EXERCISE PROMPT
The entries that follow need to be printed exactly as they are, minus any pictures.

---------- EXERCISE INPUTS ----------

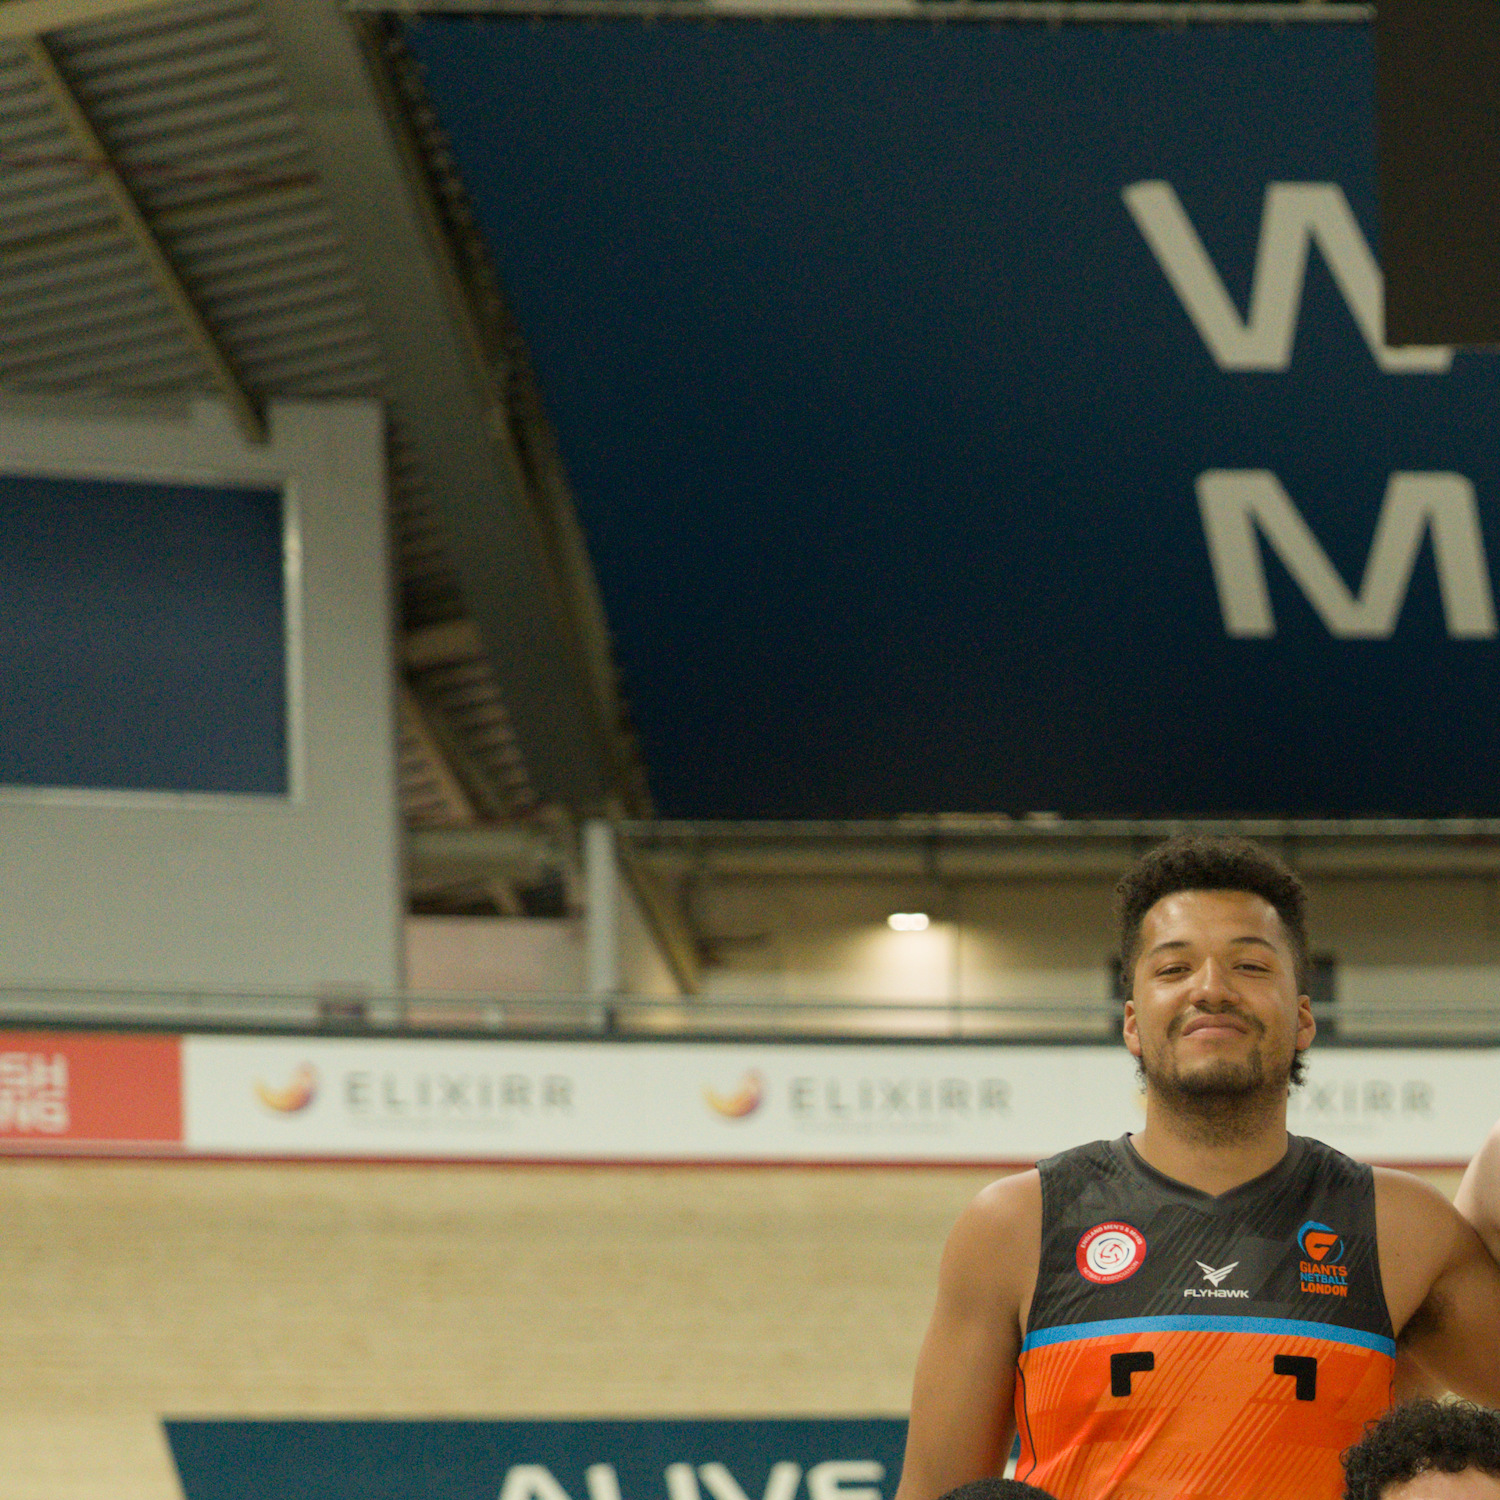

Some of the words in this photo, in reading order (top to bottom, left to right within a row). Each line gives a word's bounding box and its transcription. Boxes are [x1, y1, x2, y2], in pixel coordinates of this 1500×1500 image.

[343, 1070, 575, 1114] ELIXIRR
[788, 1075, 1013, 1115] ELIXIRR
[1300, 1261, 1347, 1277] GIANTS
[1300, 1272, 1347, 1285] NETBALL
[1301, 1282, 1347, 1297] LONDON
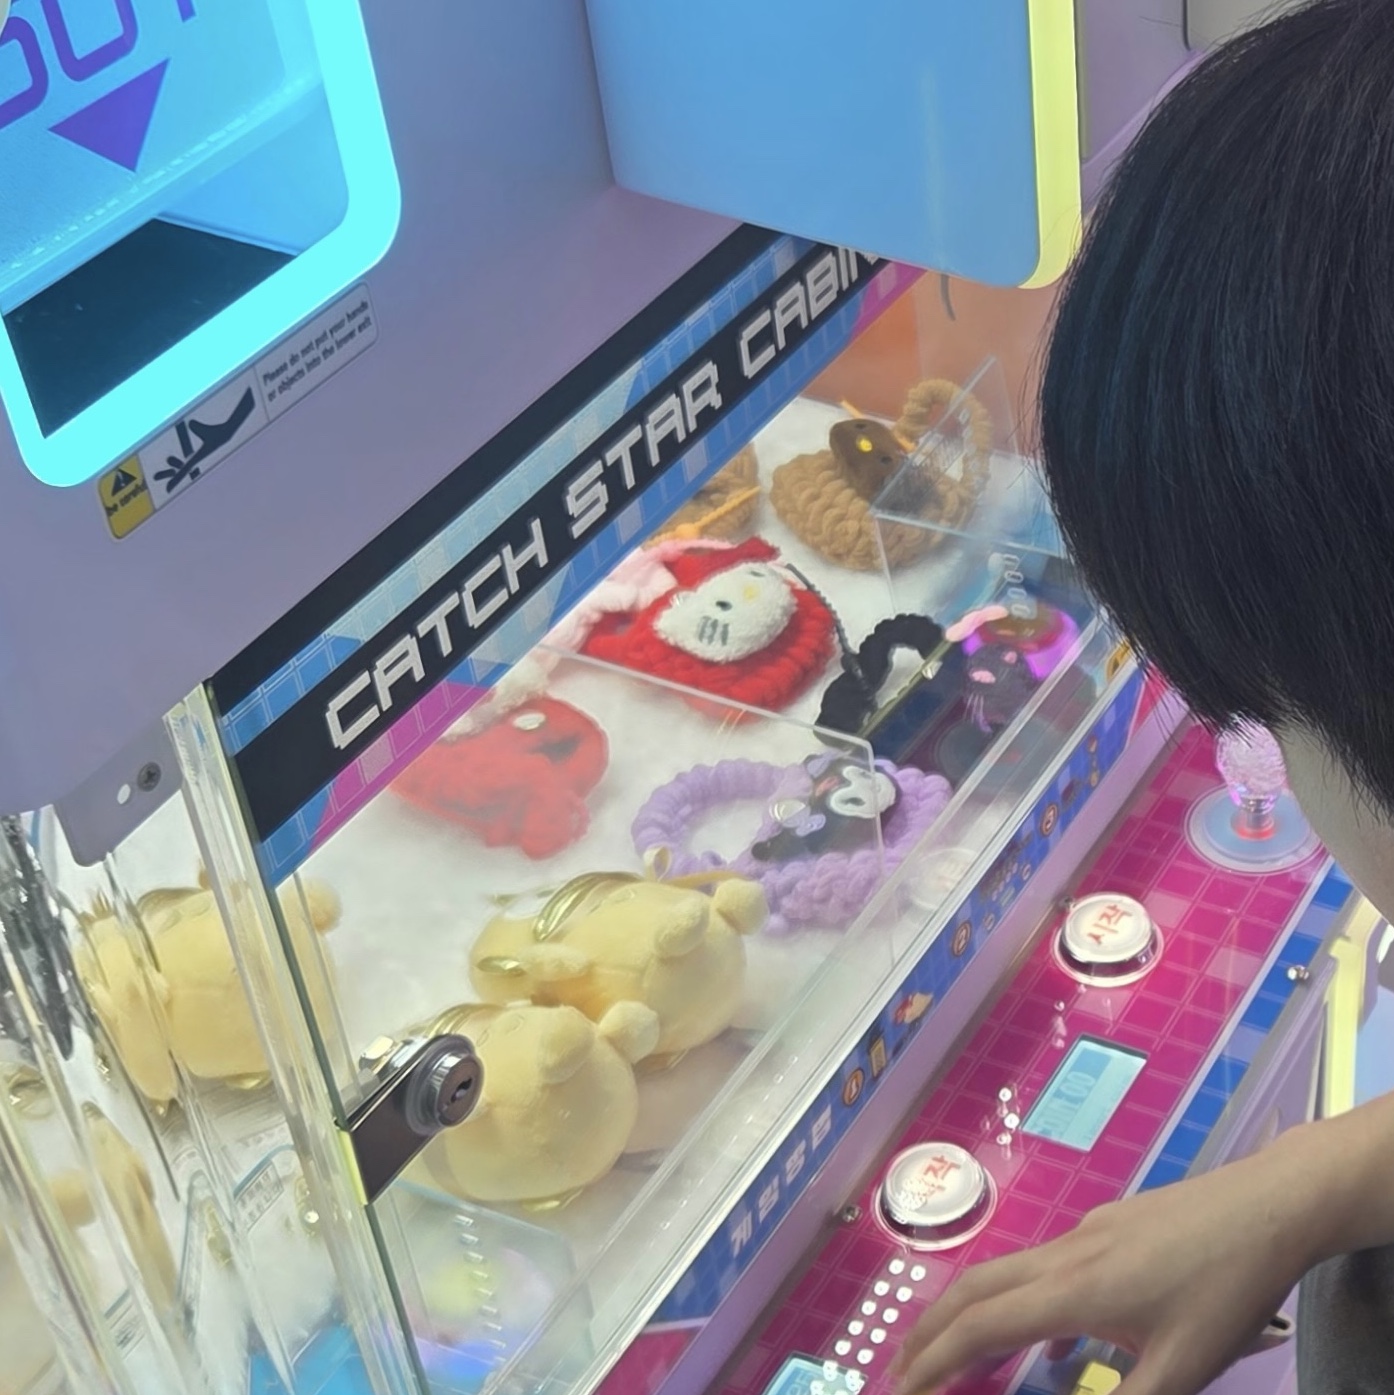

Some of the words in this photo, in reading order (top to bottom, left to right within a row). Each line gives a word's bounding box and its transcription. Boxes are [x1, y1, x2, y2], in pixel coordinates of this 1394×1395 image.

----------

RESPONSE BOX
Some of the words in this photo, in reading order (top to bottom, left to right within a row). Each line gives a word's bounding box and its transcription. Boxes are [x1, y1, x2, y2], in pixel coordinates of this 1500×1500 image.

[343, 1070, 575, 1114] ELIXIRR
[788, 1075, 1013, 1115] ELIXIRR
[1300, 1261, 1347, 1277] GIANTS
[1300, 1272, 1347, 1285] NETBALL
[1301, 1282, 1347, 1297] LONDON

Some of the words in this photo, in reading order (top to bottom, left to right within a row). Each line gives a word's bounding box and its transcription. Boxes are [x1, y1, x2, y2], in pixel coordinates of this 1394×1395 image.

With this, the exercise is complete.